What you have to do
The answer is the data repeated in full, with no pictures included.

※

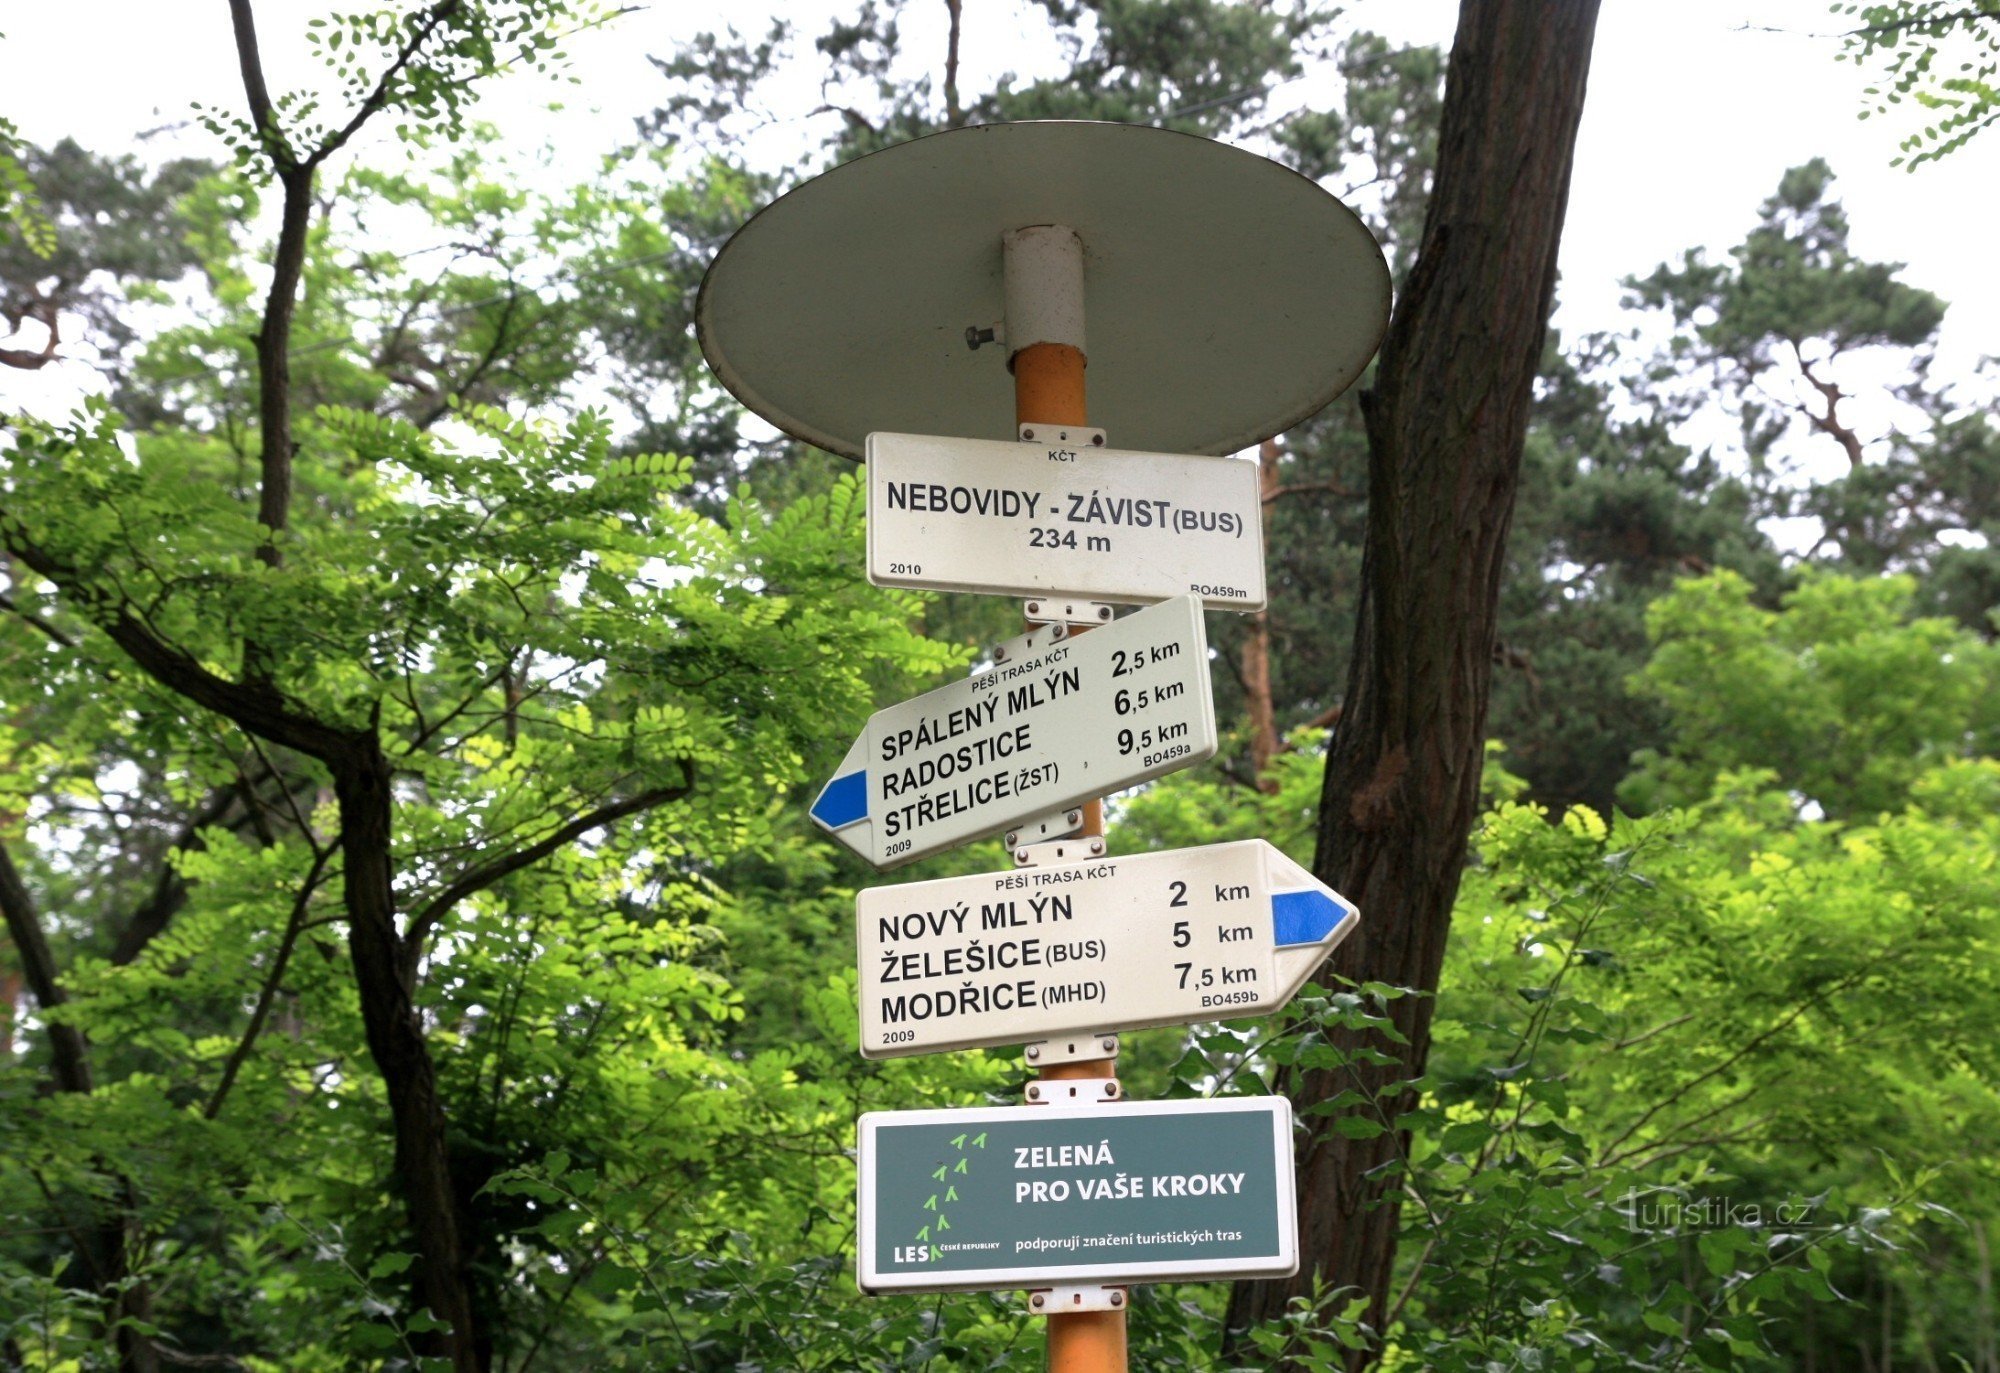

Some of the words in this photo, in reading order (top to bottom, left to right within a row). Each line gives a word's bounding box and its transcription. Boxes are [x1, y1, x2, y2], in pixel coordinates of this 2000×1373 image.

[1048, 450, 1077, 462] KČT
[887, 482, 1041, 519] NEBOVIDY
[1029, 528, 1078, 550] 234
[1087, 535, 1111, 552] m
[890, 563, 922, 575] 2010
[1190, 584, 1247, 598] BO459m
[972, 673, 999, 693] PĚŠÍ
[1000, 658, 1042, 682] TRASA
[1045, 647, 1070, 668] KČT
[882, 694, 999, 761] SPÁLENÝ
[1008, 667, 1080, 716] MLÝN
[1111, 650, 1144, 678] 2,5
[1150, 641, 1180, 663] km
[883, 725, 1032, 800] RADOSTICE
[1114, 688, 1149, 716] 6,5
[1155, 679, 1185, 703] km
[1117, 728, 1151, 755] 9,5
[1158, 720, 1188, 743] km
[1144, 745, 1191, 767] BO459a
[885, 839, 912, 857] 2009
[995, 874, 1029, 890] PĚŠÍ
[1033, 869, 1084, 885] TRASA
[1087, 864, 1117, 880] KČT
[879, 901, 970, 943] NOVÝ
[982, 894, 1072, 930] MLÝN
[1169, 881, 1188, 908] 2
[1215, 884, 1250, 902] km
[1173, 922, 1191, 948] 5
[1218, 925, 1253, 943] km
[1174, 963, 1214, 992] 7,5
[1222, 965, 1257, 985] km
[1201, 991, 1259, 1008] BO459b
[882, 1030, 915, 1044] 2009
[1014, 1139, 1114, 1168] ZELENÁ
[1016, 1180, 1069, 1203] PRO
[1076, 1173, 1144, 1200] VAŠE
[1152, 1173, 1245, 1196] KROKY
[940, 1242, 961, 1251] ČESKÉ
[963, 1242, 1000, 1251] REPUBLIKY
[1016, 1234, 1079, 1253] podporují
[1083, 1231, 1134, 1247] značení
[1137, 1229, 1213, 1246] turistických
[1216, 1229, 1242, 1241] tras
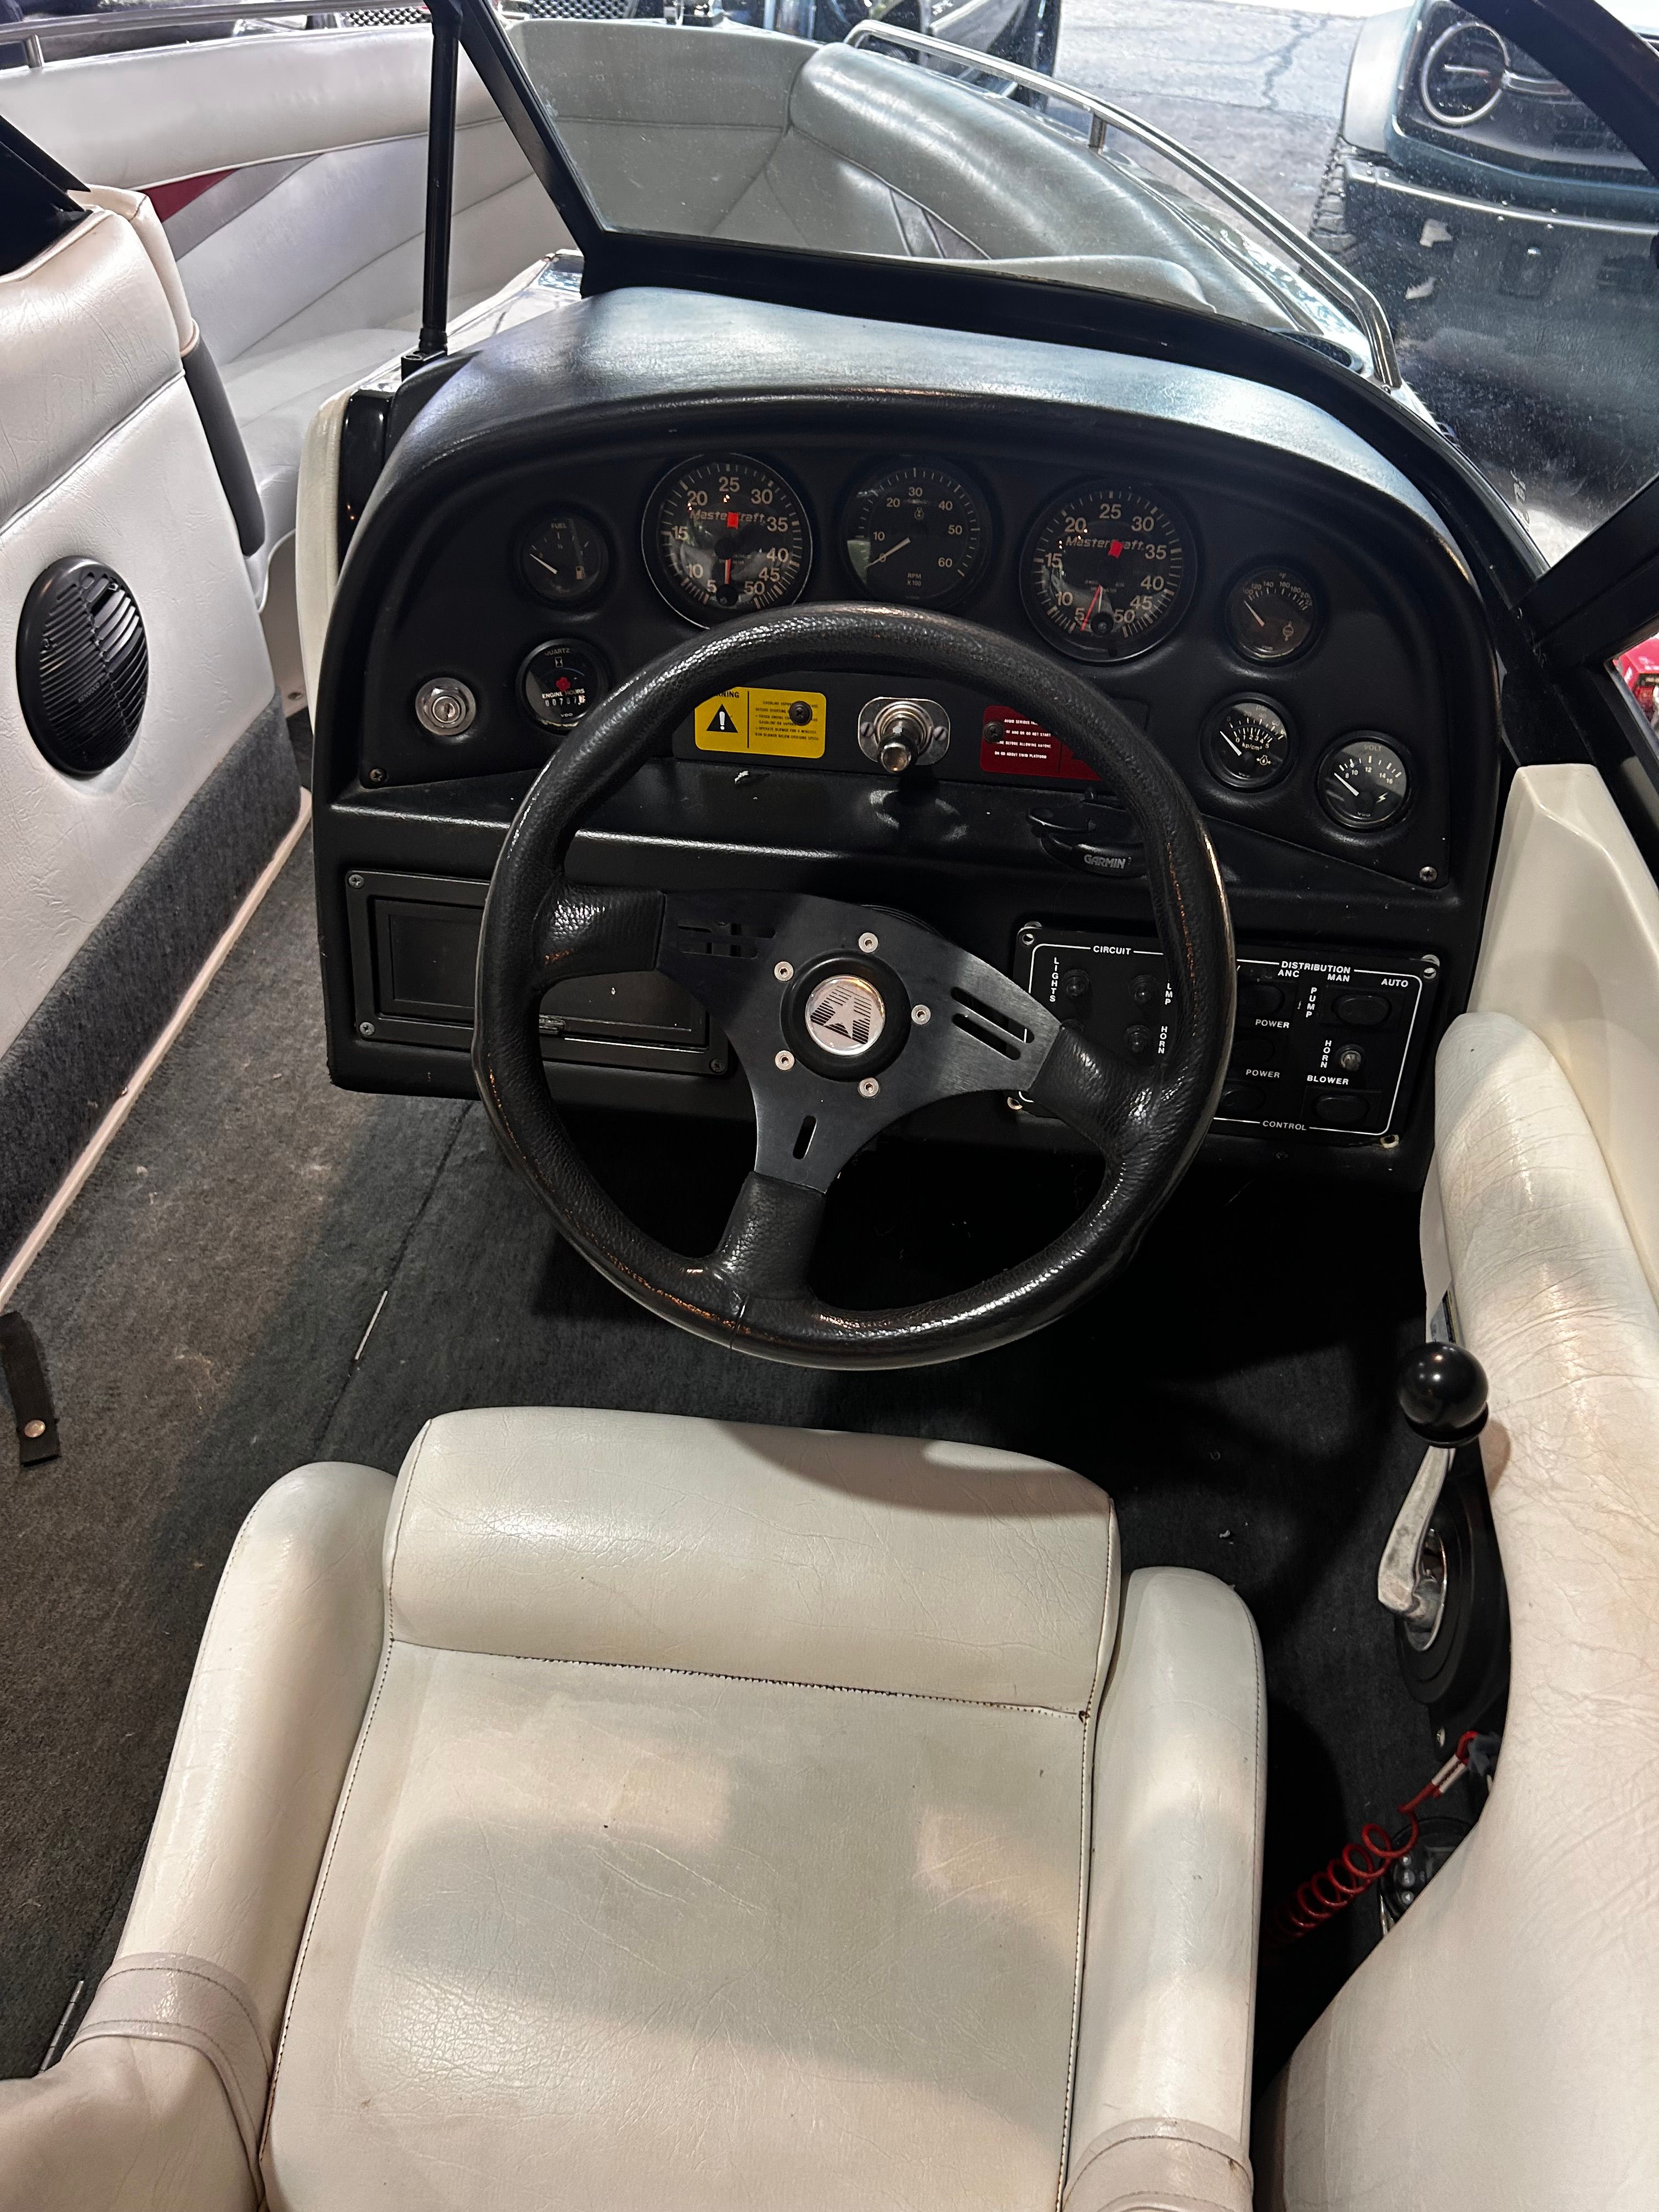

※

Result for this task
Some of the words in this photo, in reading order (top to bottom, left to right within a row). Each line gives a word's bounding box and its transcription. Boxes are [x1, y1, x2, y2], in pixel coordinates of this 2000×1373 image.

[1048, 450, 1077, 462] KČT
[887, 482, 1041, 519] NEBOVIDY
[1029, 528, 1078, 550] 234
[1087, 535, 1111, 552] m
[890, 563, 922, 575] 2010
[1190, 584, 1247, 598] BO459m
[972, 673, 999, 693] PĚŠÍ
[1000, 658, 1042, 682] TRASA
[1045, 647, 1070, 668] KČT
[882, 694, 999, 761] SPÁLENÝ
[1008, 667, 1080, 716] MLÝN
[1111, 650, 1144, 678] 2,5
[1150, 641, 1180, 663] km
[883, 725, 1032, 800] RADOSTICE
[1114, 688, 1149, 716] 6,5
[1155, 679, 1185, 703] km
[1117, 728, 1151, 755] 9,5
[1158, 720, 1188, 743] km
[1144, 745, 1191, 767] BO459a
[885, 839, 912, 857] 2009
[995, 874, 1029, 890] PĚŠÍ
[1033, 869, 1084, 885] TRASA
[1087, 864, 1117, 880] KČT
[879, 901, 970, 943] NOVÝ
[982, 894, 1072, 930] MLÝN
[1169, 881, 1188, 908] 2
[1215, 884, 1250, 902] km
[1173, 922, 1191, 948] 5
[1218, 925, 1253, 943] km
[1174, 963, 1214, 992] 7,5
[1222, 965, 1257, 985] km
[1201, 991, 1259, 1008] BO459b
[882, 1030, 915, 1044] 2009
[1014, 1139, 1114, 1168] ZELENÁ
[1016, 1180, 1069, 1203] PRO
[1076, 1173, 1144, 1200] VAŠE
[1152, 1173, 1245, 1196] KROKY
[940, 1242, 961, 1251] ČESKÉ
[963, 1242, 1000, 1251] REPUBLIKY
[1016, 1234, 1079, 1253] podporují
[1083, 1231, 1134, 1247] značení
[1137, 1229, 1213, 1246] turistických
[1216, 1229, 1242, 1241] tras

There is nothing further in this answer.